= WHAT YOU SHOULD DO =
Where the data below contains pictures, omit them; output the rest word for word.

= AVAILABLE DATA =

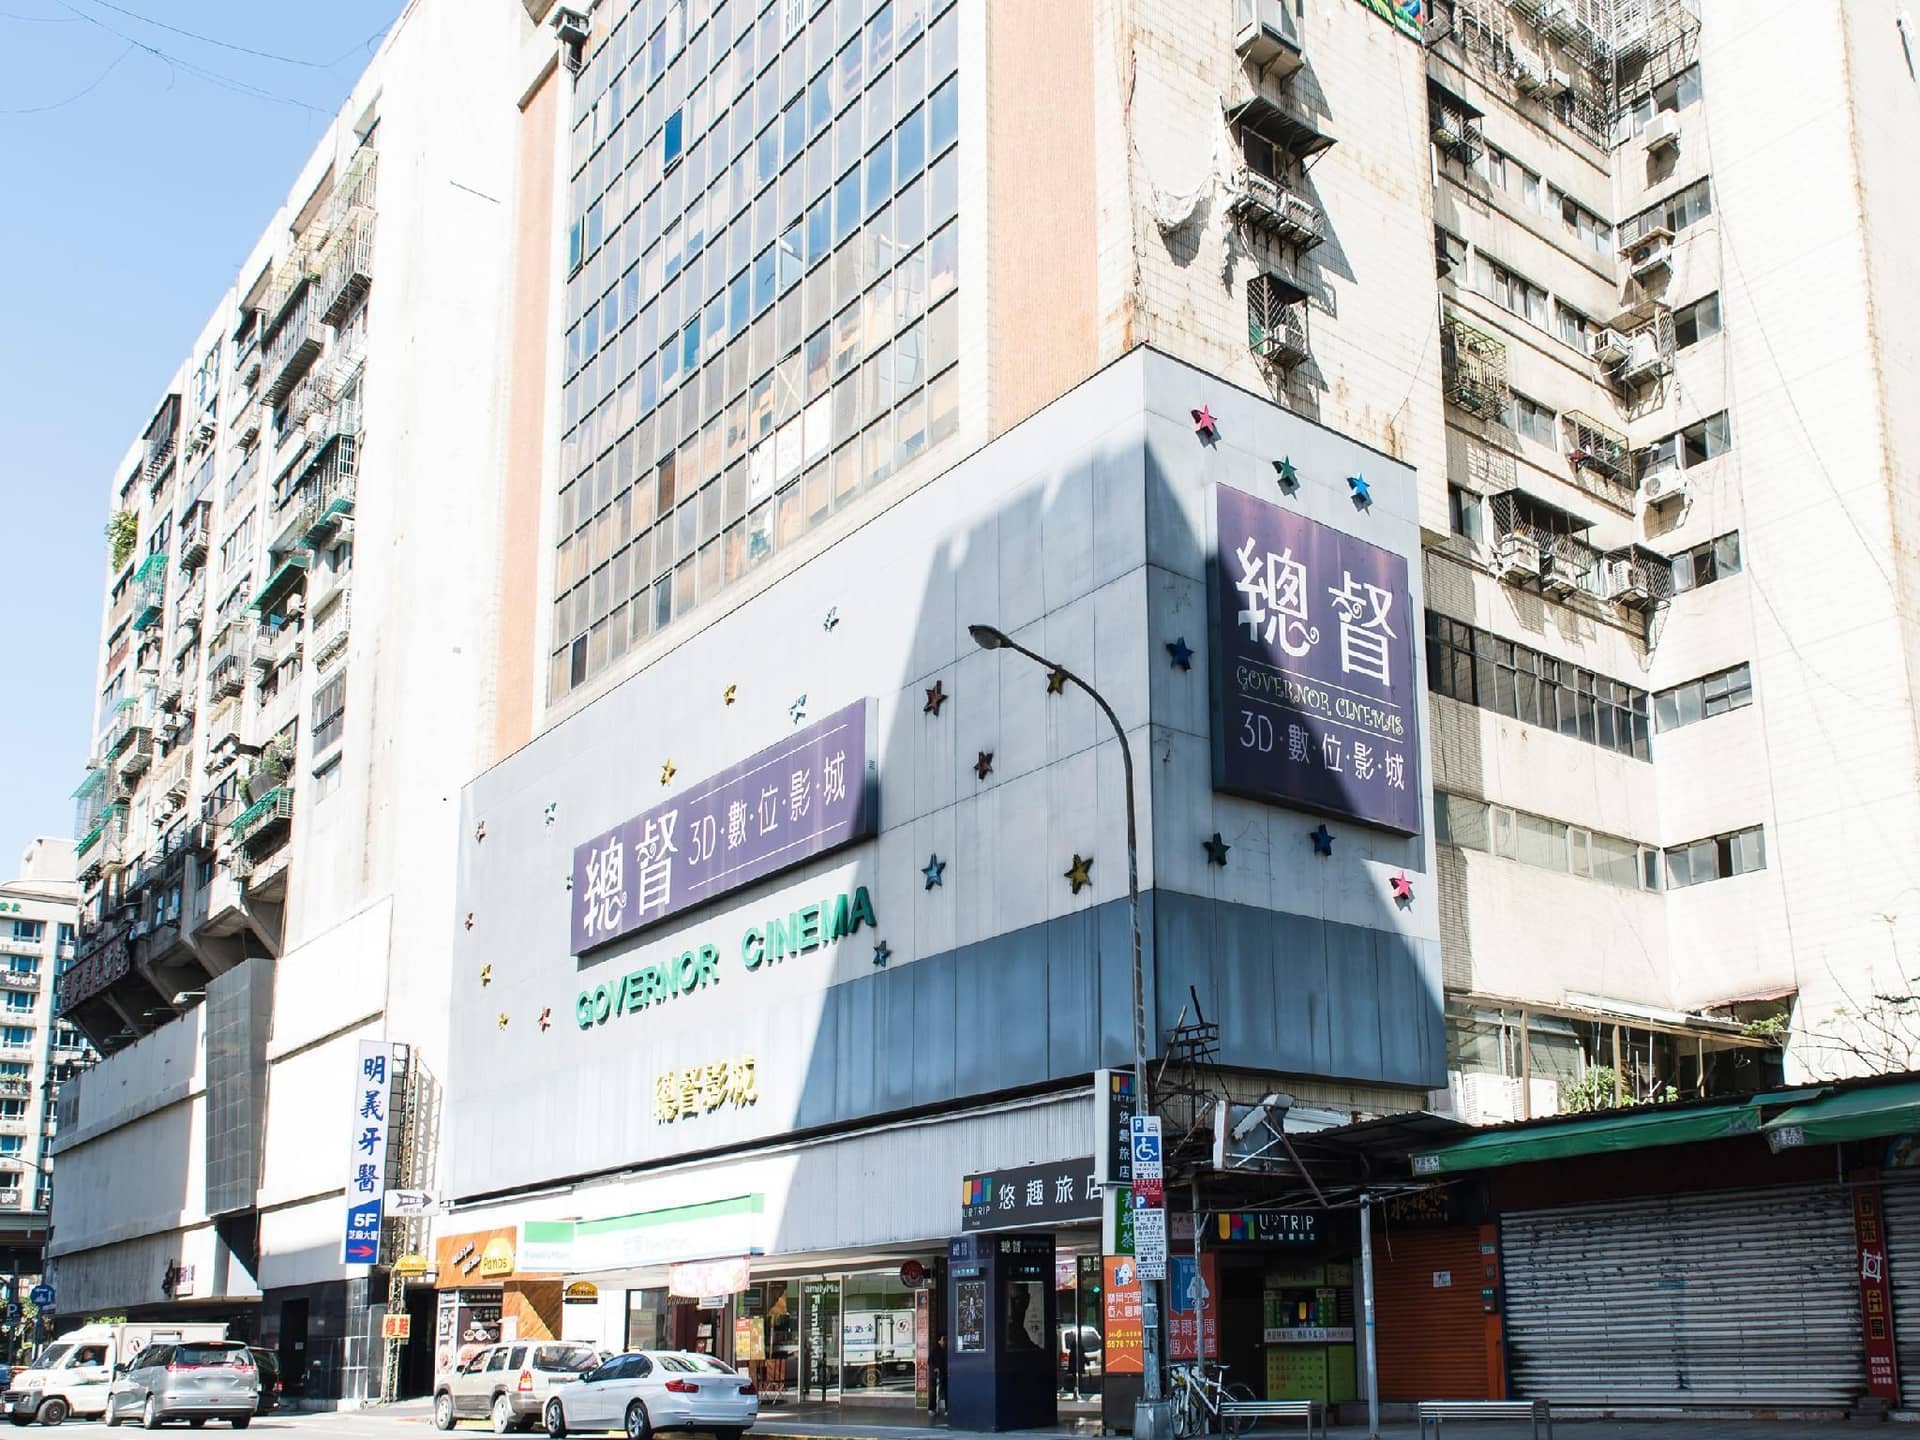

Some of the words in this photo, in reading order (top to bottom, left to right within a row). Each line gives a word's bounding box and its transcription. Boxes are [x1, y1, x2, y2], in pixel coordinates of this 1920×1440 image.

[1235, 536, 1398, 687] 總督
[1236, 664, 1332, 717] GOVERNOR
[1335, 696, 1404, 736] CINEMAS
[583, 808, 679, 938] 總督
[576, 943, 720, 1030] GOVERNOR
[742, 886, 877, 971] CINEMA
[353, 1055, 386, 1193] 明義牙醫
[1135, 1119, 1142, 1131] P
[998, 1171, 1103, 1210] 悠趣旅店
[1136, 1196, 1146, 1209] P
[354, 1212, 377, 1228] 5F
[483, 1256, 508, 1271] Panos
[7, 1303, 18, 1317] P
[809, 1294, 823, 1383] FamilyMart
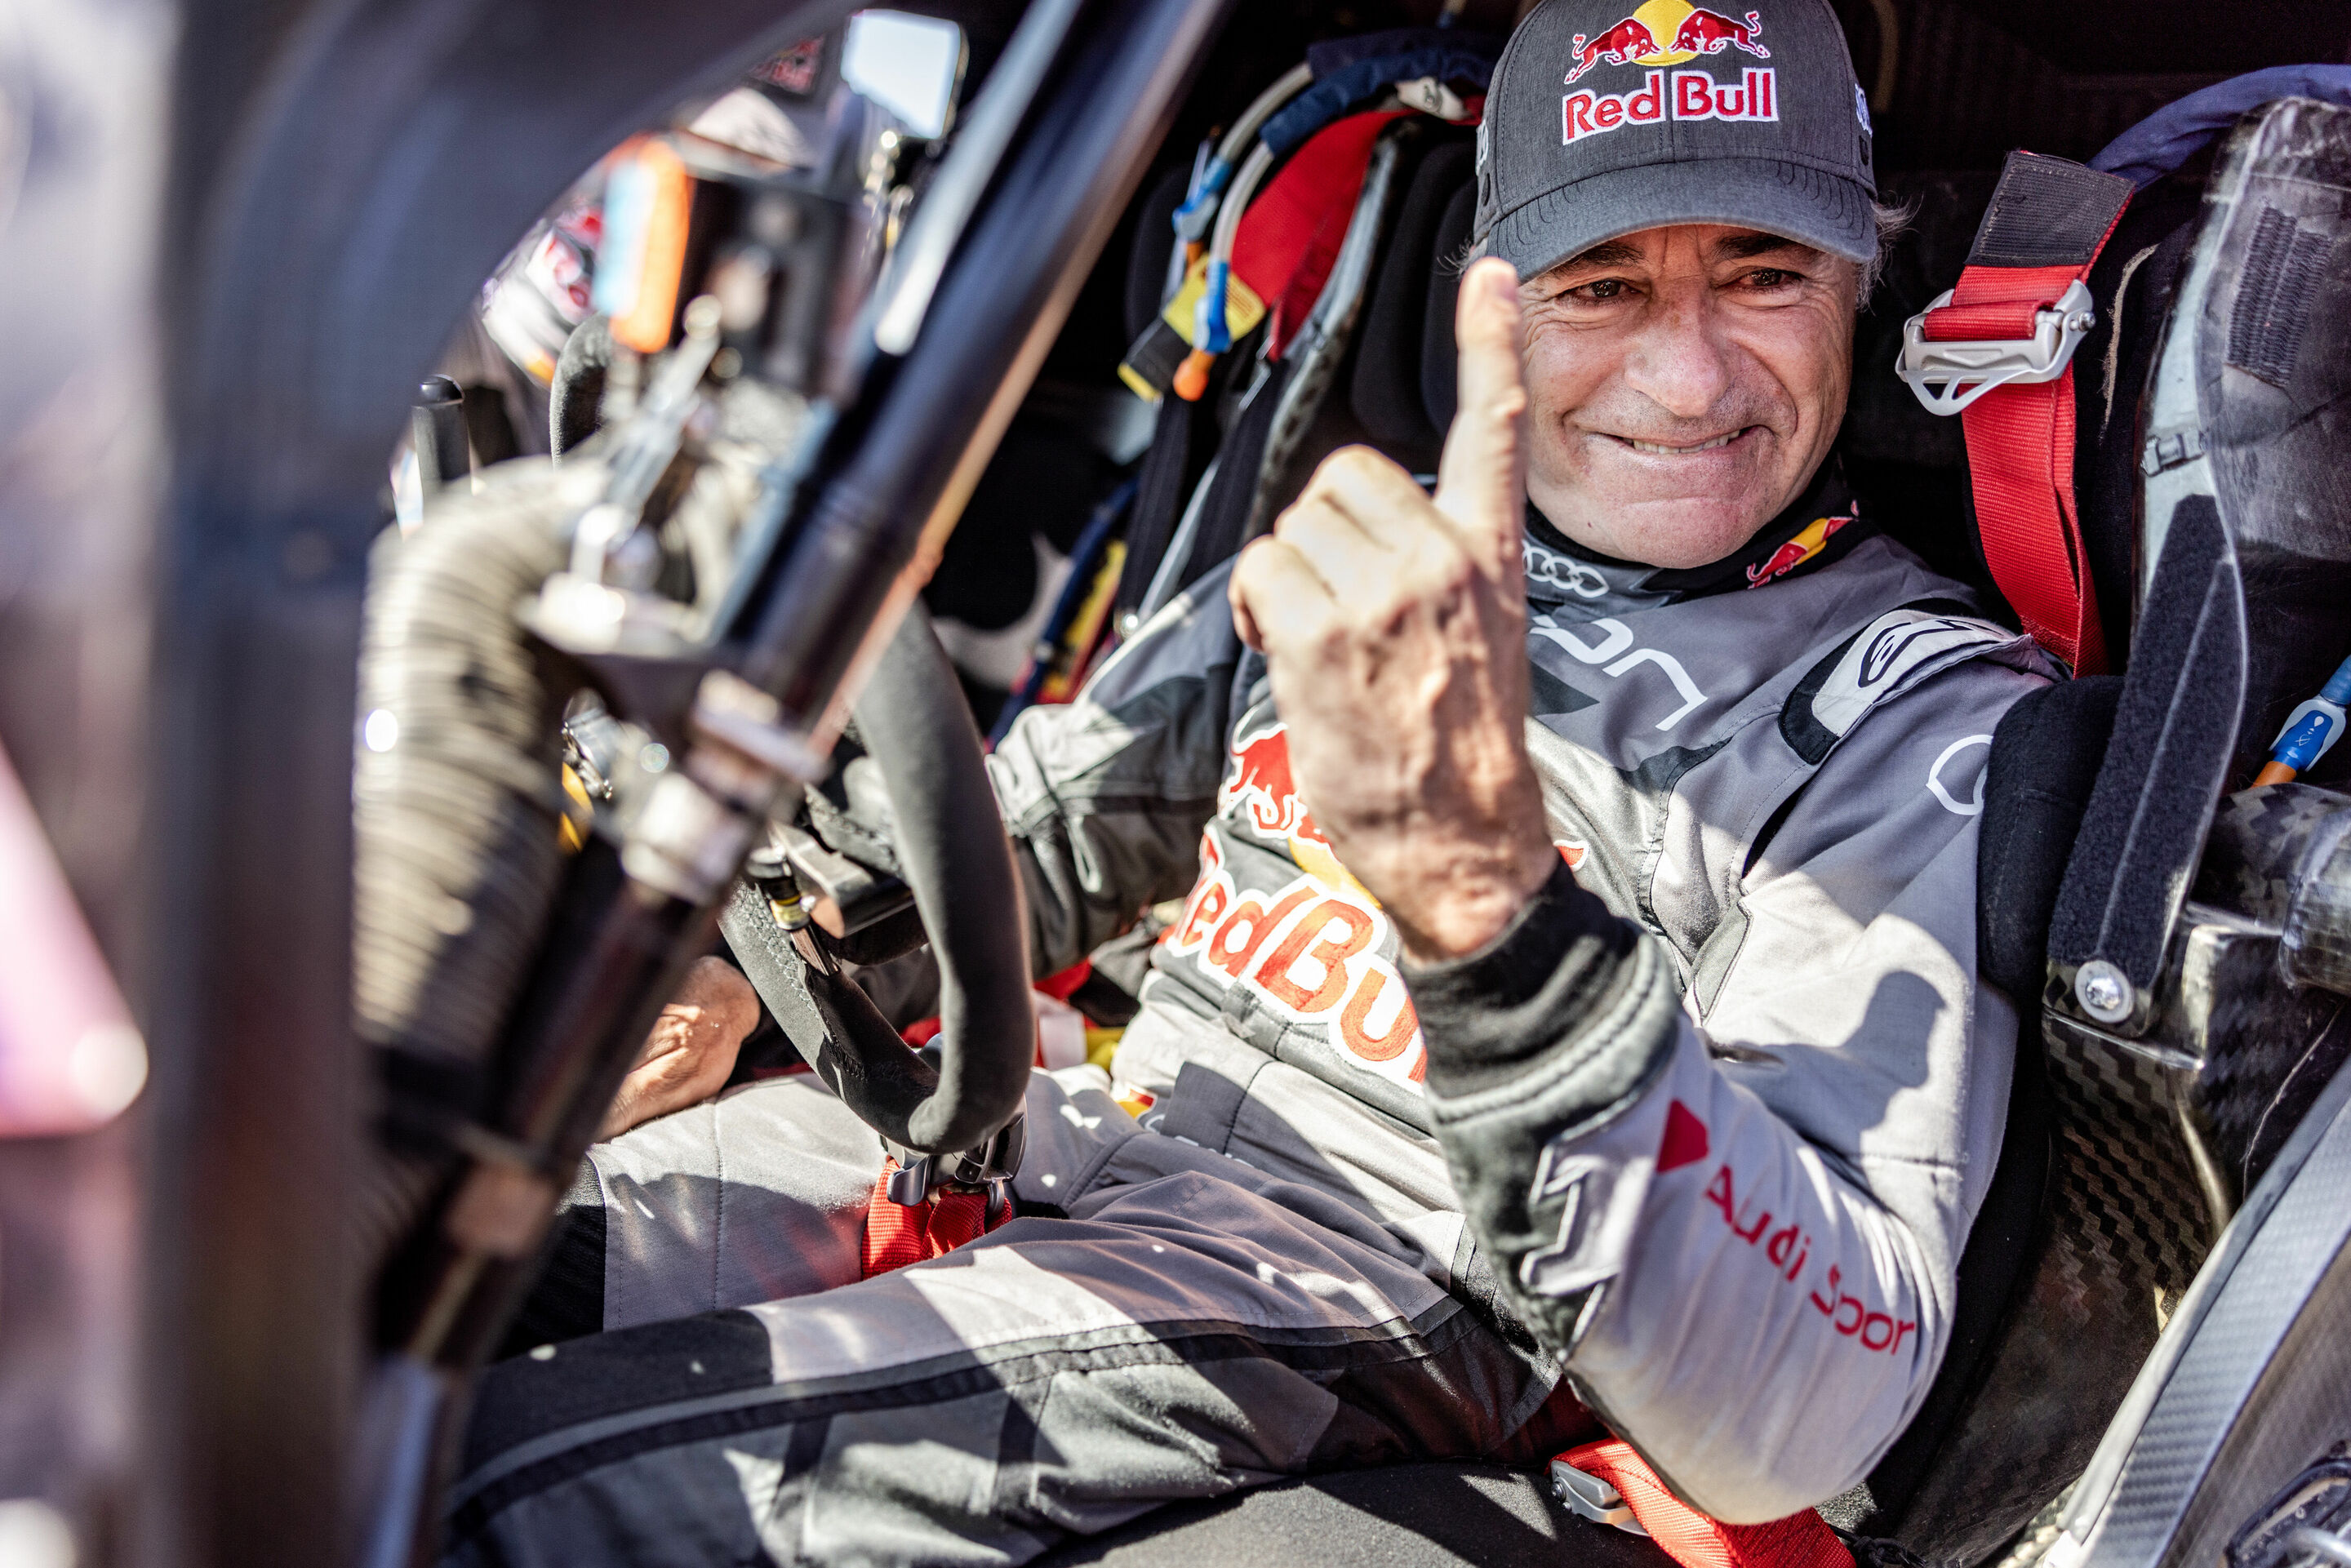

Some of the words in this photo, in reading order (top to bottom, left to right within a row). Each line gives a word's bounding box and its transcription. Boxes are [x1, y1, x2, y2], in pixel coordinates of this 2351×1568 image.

[1567, 73, 1661, 140] Red
[1678, 71, 1771, 118] Bull
[1254, 899, 1427, 1084] Bu
[1703, 1163, 1811, 1283] Audi

= WRITTEN RESPONSE =
Some of the words in this photo, in reading order (top to bottom, left to right within a row). Each line gives a word's bounding box and its transcription. Boxes are [x1, y1, x2, y2], in pixel coordinates of this 1920×1440 image.

[1235, 536, 1398, 687] 總督
[1236, 664, 1332, 717] GOVERNOR
[1335, 696, 1404, 736] CINEMAS
[583, 808, 679, 938] 總督
[576, 943, 720, 1030] GOVERNOR
[742, 886, 877, 971] CINEMA
[353, 1055, 386, 1193] 明義牙醫
[1135, 1119, 1142, 1131] P
[998, 1171, 1103, 1210] 悠趣旅店
[1136, 1196, 1146, 1209] P
[354, 1212, 377, 1228] 5F
[483, 1256, 508, 1271] Panos
[7, 1303, 18, 1317] P
[809, 1294, 823, 1383] FamilyMart

Some of the words in this photo, in reading order (top to bottom, left to right within a row). Each line gives a word's bounding box and its transcription. Boxes are [x1, y1, x2, y2], in pixel coordinates of this 2351×1568 image.

[1567, 73, 1661, 140] Red
[1678, 71, 1771, 118] Bull
[1254, 899, 1427, 1084] Bu
[1703, 1163, 1811, 1283] Audi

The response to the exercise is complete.